Return every record below exactly as written, omitting any pictures.

━━━ Information provided ━━━

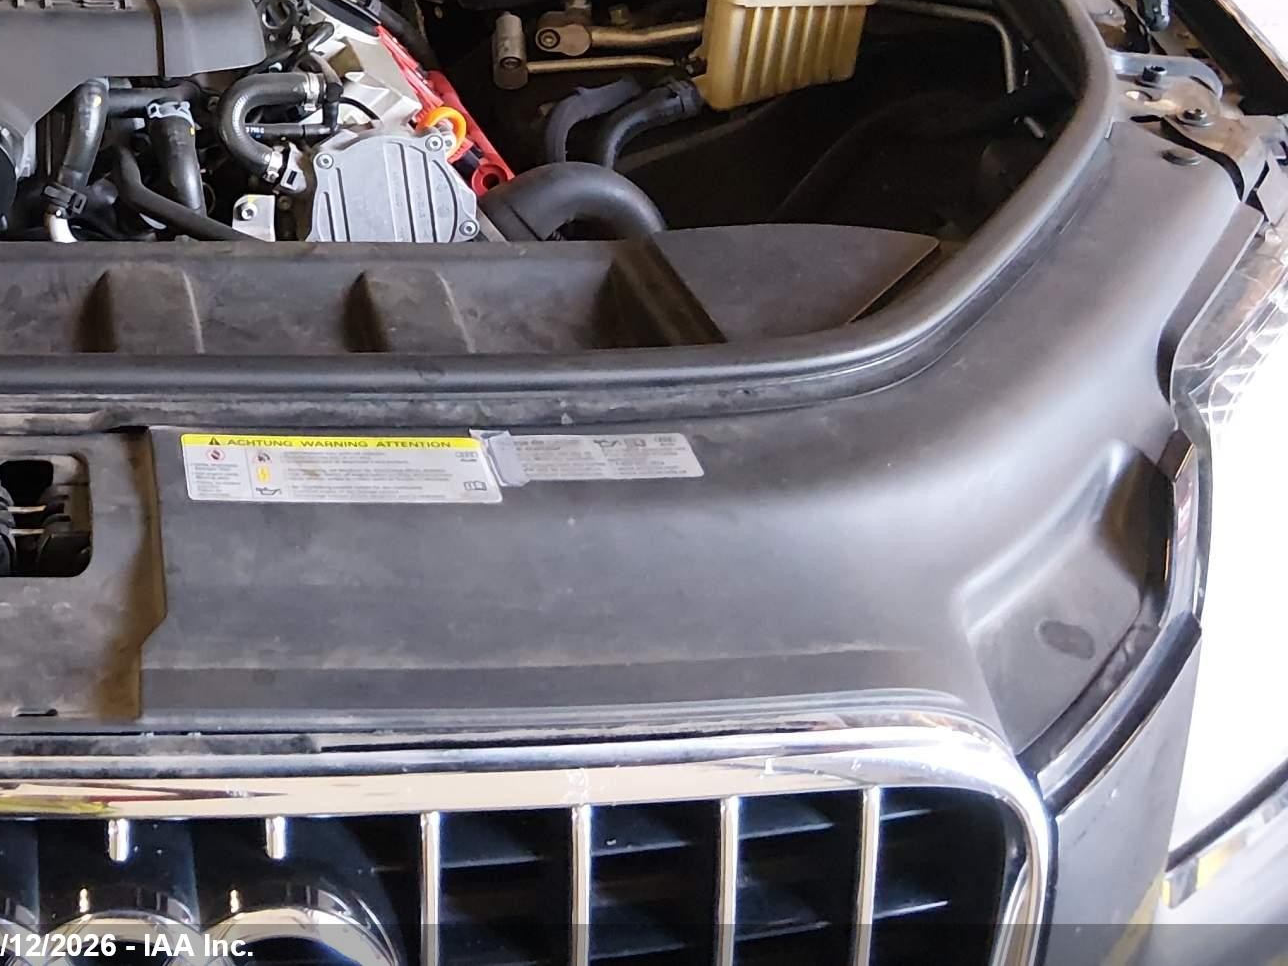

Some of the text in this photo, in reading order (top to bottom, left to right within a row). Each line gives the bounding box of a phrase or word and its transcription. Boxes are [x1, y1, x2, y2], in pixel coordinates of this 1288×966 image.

[226, 438, 452, 450] ACHTUNG WARNING ATTENTION
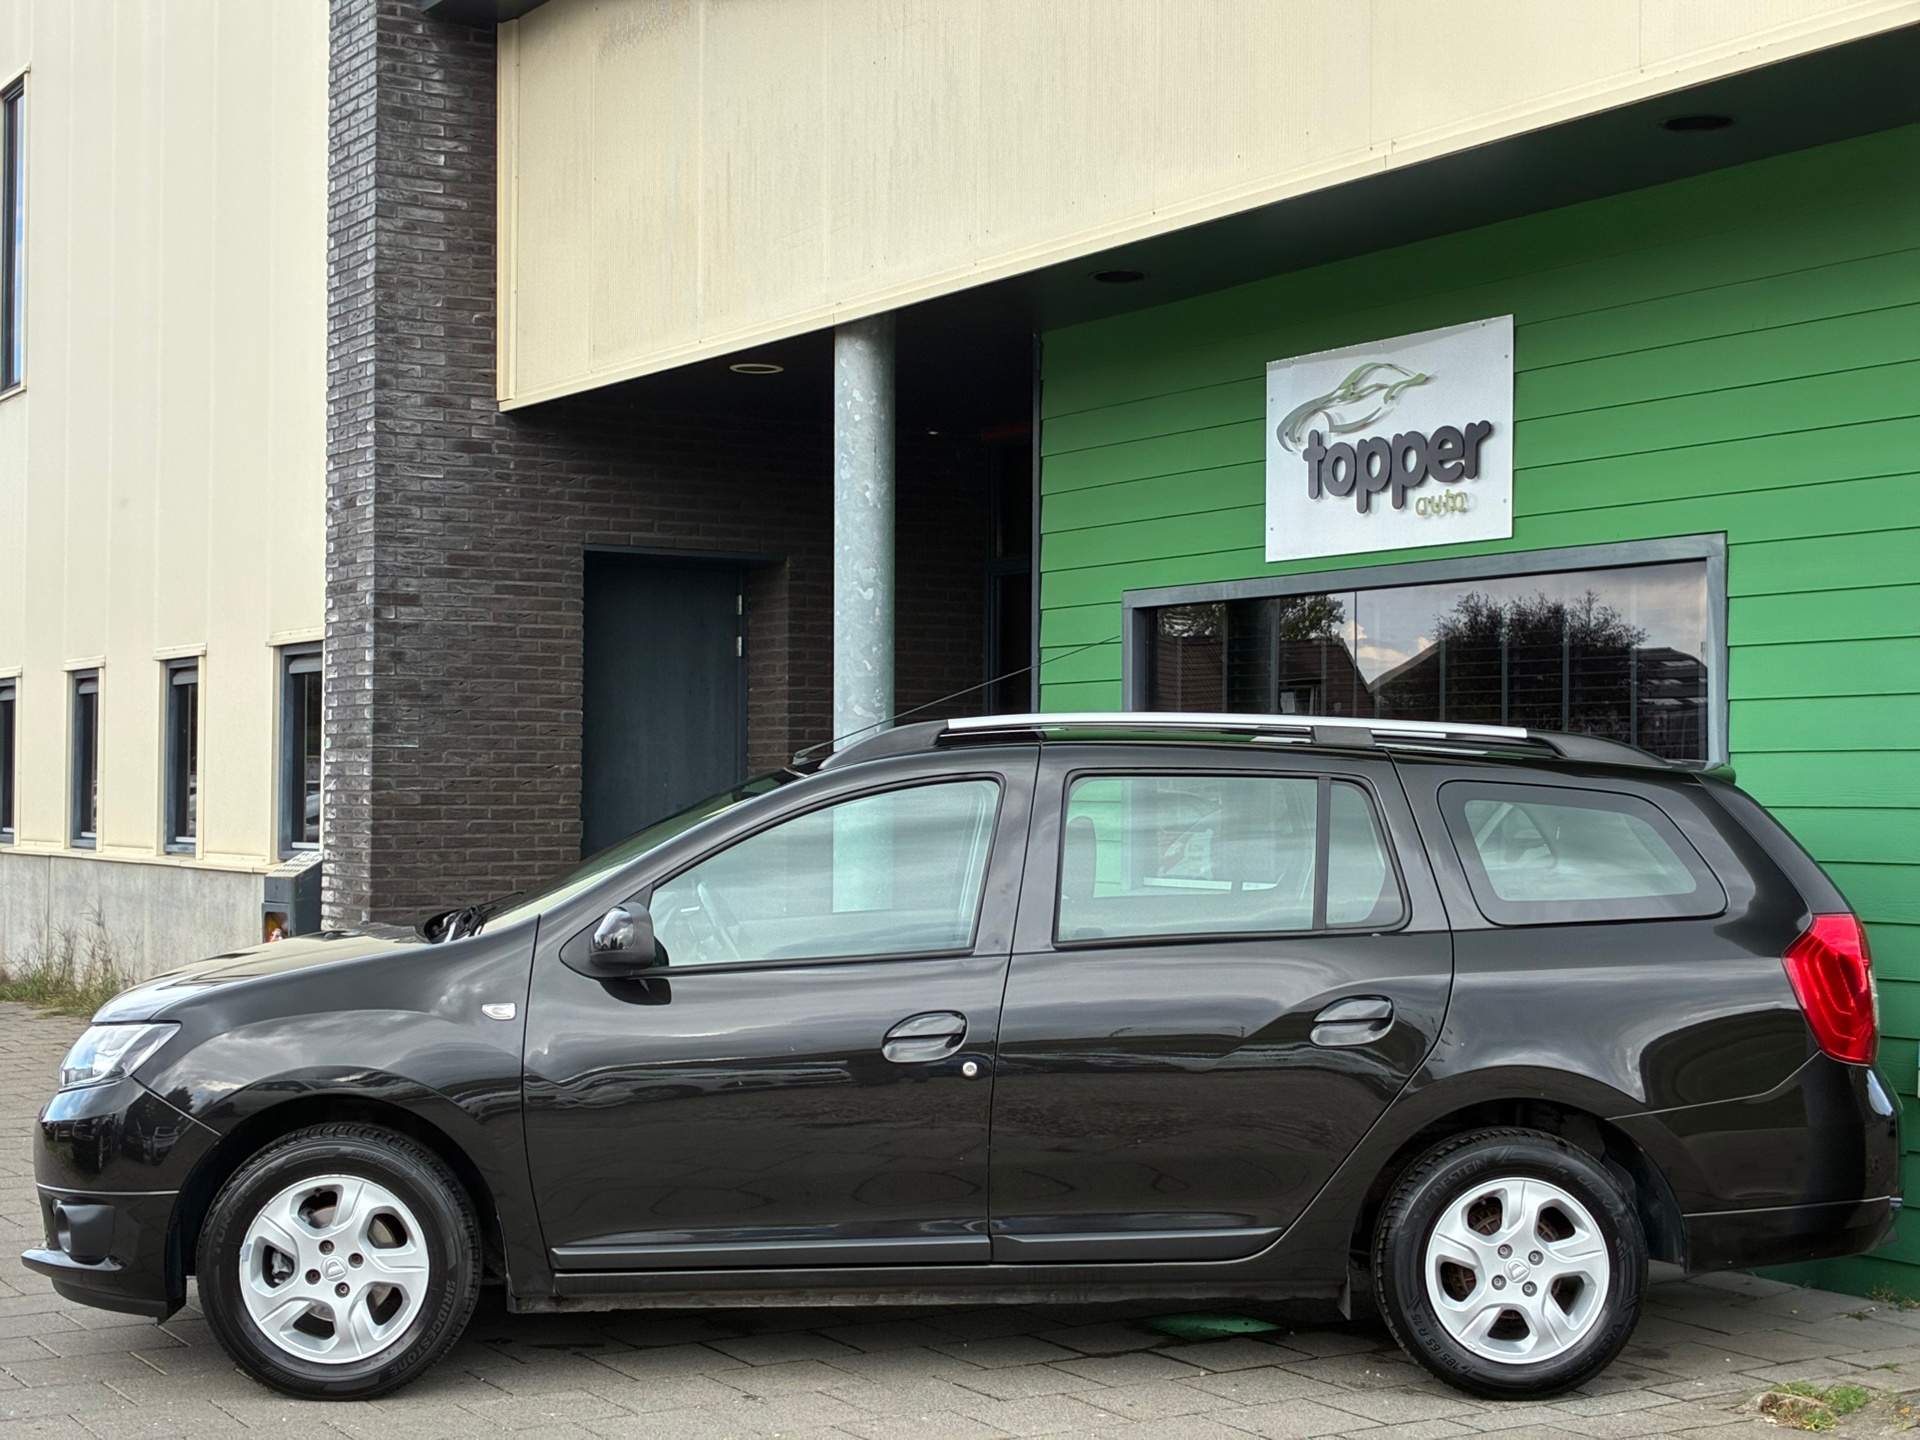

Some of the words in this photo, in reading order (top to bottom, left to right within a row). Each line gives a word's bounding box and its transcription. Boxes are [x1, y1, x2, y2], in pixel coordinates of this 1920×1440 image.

[1303, 420, 1492, 514] topper
[1415, 489, 1468, 516] auto
[388, 1279, 457, 1377] BRIDGESTONE
[1418, 1327, 1430, 1337] R
[1425, 1338, 1460, 1370] 185/65
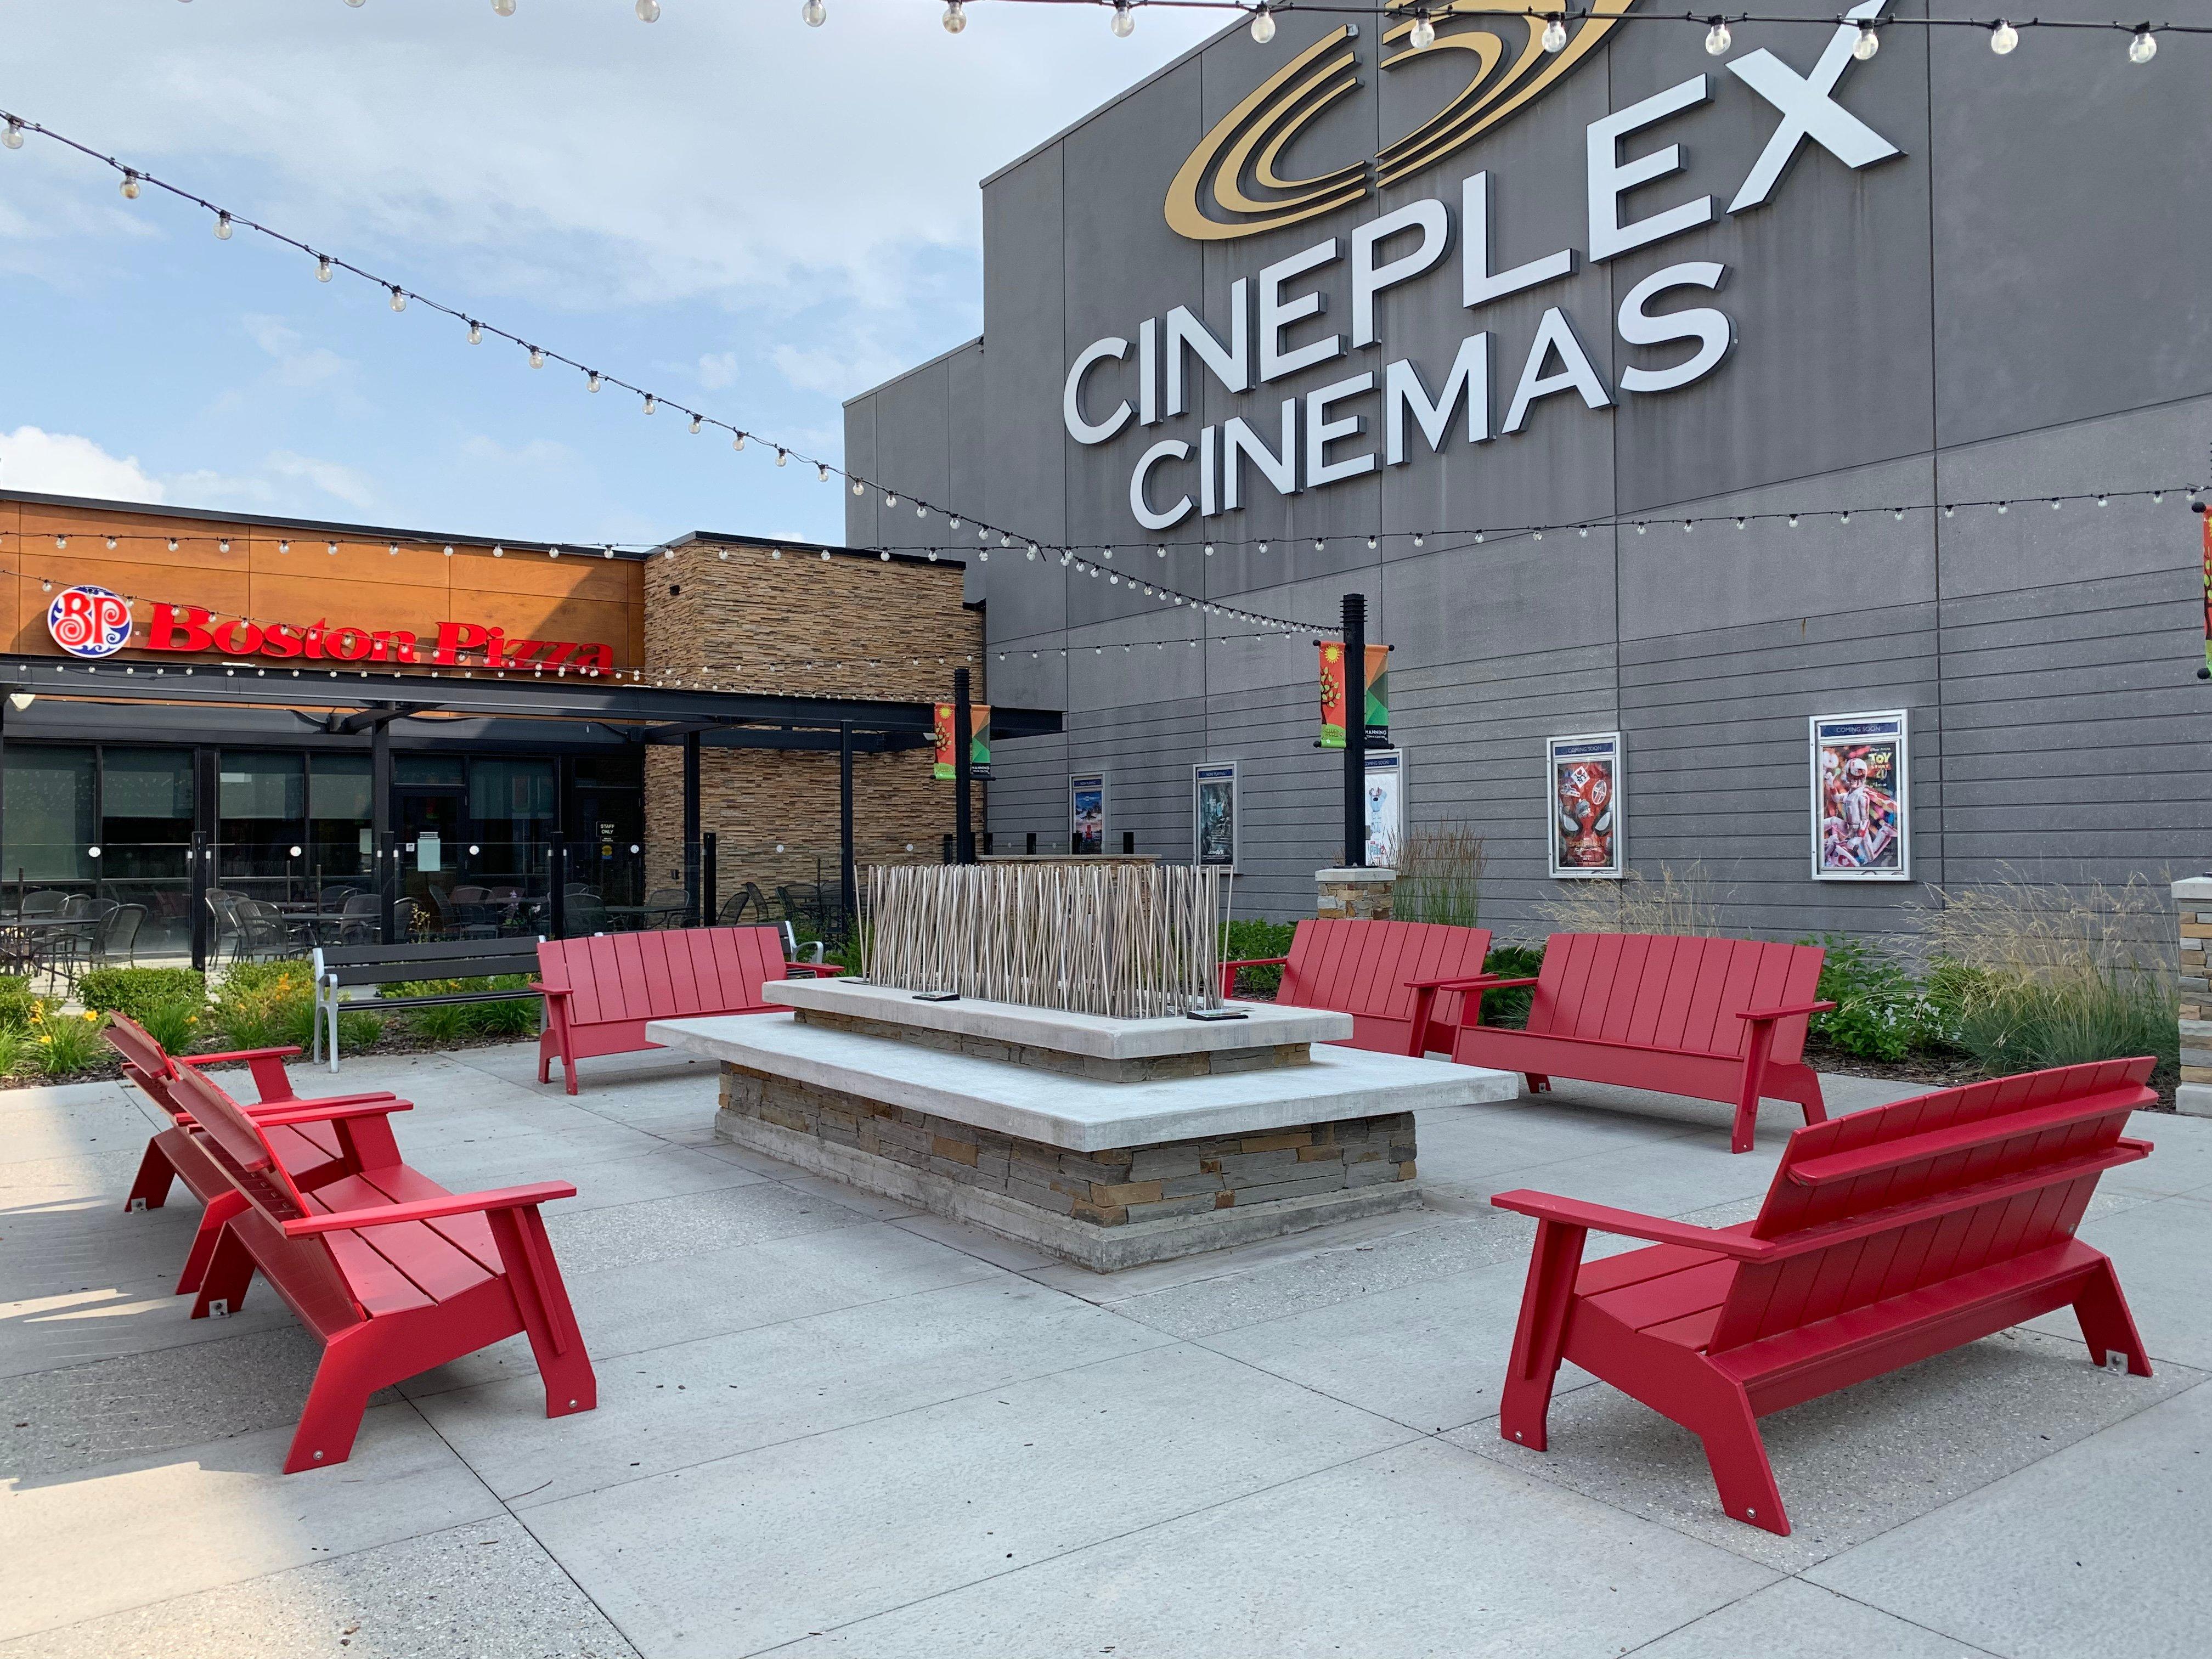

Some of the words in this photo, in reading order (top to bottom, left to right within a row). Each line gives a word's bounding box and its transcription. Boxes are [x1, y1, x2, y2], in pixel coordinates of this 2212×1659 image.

[1063, 0, 1908, 445] CINEPLEX
[1129, 261, 1738, 531] CINEMAS
[144, 602, 417, 663] Boston
[433, 622, 614, 675] Pizza
[1868, 752, 1892, 764] TOY

━━━

Reply to the task:
Some of the text in this photo, in reading order (top to bottom, left to right within a row). Each line gives the bounding box of a phrase or word and its transcription. Boxes are [x1, y1, x2, y2], in pixel coordinates of this 1288×966 image.

[226, 438, 452, 450] ACHTUNG WARNING ATTENTION

Some of the words in this photo, in reading order (top to bottom, left to right within a row). Each line gives a word's bounding box and its transcription. Boxes are [x1, y1, x2, y2], in pixel coordinates of this 1920×1440 image.

[1303, 420, 1492, 514] topper
[1415, 489, 1468, 516] auto
[388, 1279, 457, 1377] BRIDGESTONE
[1418, 1327, 1430, 1337] R
[1425, 1338, 1460, 1370] 185/65

Some of the words in this photo, in reading order (top to bottom, left to right within a row). Each line gives a word's bounding box and its transcription. Boxes are [x1, y1, x2, y2], in pixel coordinates of this 2212×1659 image.

[1063, 0, 1908, 445] CINEPLEX
[1129, 261, 1738, 531] CINEMAS
[144, 602, 417, 663] Boston
[433, 622, 614, 675] Pizza
[1868, 752, 1892, 764] TOY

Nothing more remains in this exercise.